[Phrase grounding data]
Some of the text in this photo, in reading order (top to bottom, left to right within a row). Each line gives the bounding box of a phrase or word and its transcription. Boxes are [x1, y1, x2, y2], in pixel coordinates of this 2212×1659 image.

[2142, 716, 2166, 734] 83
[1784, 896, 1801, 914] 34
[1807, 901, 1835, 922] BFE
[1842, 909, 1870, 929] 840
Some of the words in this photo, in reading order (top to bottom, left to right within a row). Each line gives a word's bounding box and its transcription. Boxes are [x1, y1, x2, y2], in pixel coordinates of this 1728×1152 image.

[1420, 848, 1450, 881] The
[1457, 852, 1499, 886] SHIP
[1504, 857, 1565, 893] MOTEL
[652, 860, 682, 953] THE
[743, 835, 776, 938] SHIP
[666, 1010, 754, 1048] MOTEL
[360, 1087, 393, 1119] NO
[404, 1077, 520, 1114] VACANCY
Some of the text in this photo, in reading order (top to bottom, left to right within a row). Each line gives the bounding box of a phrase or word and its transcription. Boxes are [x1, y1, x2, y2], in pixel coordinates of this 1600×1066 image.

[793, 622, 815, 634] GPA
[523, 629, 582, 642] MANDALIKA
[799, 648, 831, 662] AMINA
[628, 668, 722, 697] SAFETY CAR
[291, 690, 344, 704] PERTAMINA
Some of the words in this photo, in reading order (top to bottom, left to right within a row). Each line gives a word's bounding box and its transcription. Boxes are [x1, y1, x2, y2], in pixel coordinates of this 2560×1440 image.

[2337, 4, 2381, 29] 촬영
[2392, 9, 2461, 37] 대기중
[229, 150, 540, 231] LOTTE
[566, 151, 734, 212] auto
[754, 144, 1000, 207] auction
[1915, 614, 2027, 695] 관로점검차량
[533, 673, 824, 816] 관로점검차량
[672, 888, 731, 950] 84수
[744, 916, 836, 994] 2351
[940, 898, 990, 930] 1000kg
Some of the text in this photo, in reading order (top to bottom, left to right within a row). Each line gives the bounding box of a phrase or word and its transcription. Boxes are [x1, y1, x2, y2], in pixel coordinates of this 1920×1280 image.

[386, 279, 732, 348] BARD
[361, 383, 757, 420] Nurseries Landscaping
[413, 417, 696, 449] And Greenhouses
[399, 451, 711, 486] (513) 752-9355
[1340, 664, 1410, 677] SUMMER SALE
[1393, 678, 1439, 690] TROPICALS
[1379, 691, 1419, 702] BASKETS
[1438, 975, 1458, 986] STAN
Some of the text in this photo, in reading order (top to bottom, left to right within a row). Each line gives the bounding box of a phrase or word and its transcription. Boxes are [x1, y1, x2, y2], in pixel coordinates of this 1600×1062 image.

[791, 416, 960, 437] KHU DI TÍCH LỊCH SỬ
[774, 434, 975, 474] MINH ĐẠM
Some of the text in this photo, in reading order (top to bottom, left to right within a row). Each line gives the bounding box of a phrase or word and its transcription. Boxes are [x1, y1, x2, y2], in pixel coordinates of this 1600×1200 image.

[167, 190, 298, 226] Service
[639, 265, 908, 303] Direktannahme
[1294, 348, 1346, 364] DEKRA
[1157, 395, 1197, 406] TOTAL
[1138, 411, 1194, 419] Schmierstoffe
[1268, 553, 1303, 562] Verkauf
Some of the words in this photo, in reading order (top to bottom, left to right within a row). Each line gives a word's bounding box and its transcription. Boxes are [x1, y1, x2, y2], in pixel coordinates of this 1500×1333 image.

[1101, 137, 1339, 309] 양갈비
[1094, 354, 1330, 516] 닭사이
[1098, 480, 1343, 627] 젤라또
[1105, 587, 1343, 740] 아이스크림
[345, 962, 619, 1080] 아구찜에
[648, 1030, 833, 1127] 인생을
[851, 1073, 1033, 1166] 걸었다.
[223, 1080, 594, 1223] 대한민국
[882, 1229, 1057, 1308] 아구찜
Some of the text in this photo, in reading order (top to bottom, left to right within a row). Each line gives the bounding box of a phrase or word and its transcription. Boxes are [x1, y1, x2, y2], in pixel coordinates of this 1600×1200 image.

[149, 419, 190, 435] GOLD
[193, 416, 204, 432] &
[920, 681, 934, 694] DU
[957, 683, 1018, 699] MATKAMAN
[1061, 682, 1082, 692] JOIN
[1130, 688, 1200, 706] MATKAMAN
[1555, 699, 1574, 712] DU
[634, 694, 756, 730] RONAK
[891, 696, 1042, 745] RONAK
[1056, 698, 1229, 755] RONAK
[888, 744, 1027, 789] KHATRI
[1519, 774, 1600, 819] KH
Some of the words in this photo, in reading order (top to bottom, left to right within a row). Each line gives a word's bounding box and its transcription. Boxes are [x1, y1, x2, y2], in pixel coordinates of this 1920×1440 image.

What the exercise asks – All of the data must be written out again, exactly as it stands.

Response –
Some of the text in this photo, in reading order (top to bottom, left to right within a row). Each line gives the bounding box of a phrase or word and its transcription. Boxes are [x1, y1, x2, y2], in pixel coordinates of this 2212×1659 image.

[2142, 716, 2166, 734] 83
[1784, 896, 1801, 914] 34
[1807, 901, 1835, 922] BFE
[1842, 909, 1870, 929] 840
Some of the words in this photo, in reading order (top to bottom, left to right within a row). Each line gives a word's bounding box and its transcription. Boxes are [x1, y1, x2, y2], in pixel coordinates of this 1728×1152 image.

[1420, 848, 1450, 881] The
[1457, 852, 1499, 886] SHIP
[1504, 857, 1565, 893] MOTEL
[652, 860, 682, 953] THE
[743, 835, 776, 938] SHIP
[666, 1010, 754, 1048] MOTEL
[360, 1087, 393, 1119] NO
[404, 1077, 520, 1114] VACANCY
Some of the text in this photo, in reading order (top to bottom, left to right within a row). Each line gives the bounding box of a phrase or word and its transcription. Boxes are [x1, y1, x2, y2], in pixel coordinates of this 1600×1066 image.

[793, 622, 815, 634] GPA
[523, 629, 582, 642] MANDALIKA
[799, 648, 831, 662] AMINA
[628, 668, 722, 697] SAFETY CAR
[291, 690, 344, 704] PERTAMINA
Some of the words in this photo, in reading order (top to bottom, left to right within a row). Each line gives a word's bounding box and its transcription. Boxes are [x1, y1, x2, y2], in pixel coordinates of this 2560×1440 image.

[2337, 4, 2381, 29] 촬영
[2392, 9, 2461, 37] 대기중
[229, 150, 540, 231] LOTTE
[566, 151, 734, 212] auto
[754, 144, 1000, 207] auction
[1915, 614, 2027, 695] 관로점검차량
[533, 673, 824, 816] 관로점검차량
[672, 888, 731, 950] 84수
[744, 916, 836, 994] 2351
[940, 898, 990, 930] 1000kg
Some of the text in this photo, in reading order (top to bottom, left to right within a row). Each line gives the bounding box of a phrase or word and its transcription. Boxes are [x1, y1, x2, y2], in pixel coordinates of this 1920×1280 image.

[386, 279, 732, 348] BARD
[361, 383, 757, 420] Nurseries Landscaping
[413, 417, 696, 449] And Greenhouses
[399, 451, 711, 486] (513) 752-9355
[1340, 664, 1410, 677] SUMMER SALE
[1393, 678, 1439, 690] TROPICALS
[1379, 691, 1419, 702] BASKETS
[1438, 975, 1458, 986] STAN
Some of the text in this photo, in reading order (top to bottom, left to right within a row). Each line gives the bounding box of a phrase or word and its transcription. Boxes are [x1, y1, x2, y2], in pixel coordinates of this 1600×1062 image.

[791, 416, 960, 437] KHU DI TÍCH LỊCH SỬ
[774, 434, 975, 474] MINH ĐẠM
Some of the text in this photo, in reading order (top to bottom, left to right within a row). Each line gives the bounding box of a phrase or word and its transcription. Boxes are [x1, y1, x2, y2], in pixel coordinates of this 1600×1200 image.

[167, 190, 298, 226] Service
[639, 265, 908, 303] Direktannahme
[1294, 348, 1346, 364] DEKRA
[1157, 395, 1197, 406] TOTAL
[1138, 411, 1194, 419] Schmierstoffe
[1268, 553, 1303, 562] Verkauf
Some of the words in this photo, in reading order (top to bottom, left to right within a row). Each line gives a word's bounding box and its transcription. Boxes are [x1, y1, x2, y2], in pixel coordinates of this 1500×1333 image.

[1101, 137, 1339, 309] 양갈비
[1094, 354, 1330, 516] 닭사이
[1098, 480, 1343, 627] 젤라또
[1105, 587, 1343, 740] 아이스크림
[345, 962, 619, 1080] 아구찜에
[648, 1030, 833, 1127] 인생을
[851, 1073, 1033, 1166] 걸었다.
[223, 1080, 594, 1223] 대한민국
[882, 1229, 1057, 1308] 아구찜
Some of the text in this photo, in reading order (top to bottom, left to right within a row). Each line gives the bounding box of a phrase or word and its transcription. Boxes are [x1, y1, x2, y2], in pixel coordinates of this 1600×1200 image.

[149, 419, 190, 435] GOLD
[193, 416, 204, 432] &
[920, 681, 934, 694] DU
[957, 683, 1018, 699] MATKAMAN
[1061, 682, 1082, 692] JOIN
[1130, 688, 1200, 706] MATKAMAN
[1555, 699, 1574, 712] DU
[634, 694, 756, 730] RONAK
[891, 696, 1042, 745] RONAK
[1056, 698, 1229, 755] RONAK
[888, 744, 1027, 789] KHATRI
[1519, 774, 1600, 819] KH
Some of the words in this photo, in reading order (top to bottom, left to right within a row). Each line gives a word's bounding box and its transcription. Boxes are [x1, y1, x2, y2], in pixel coordinates of this 1920×1440 image.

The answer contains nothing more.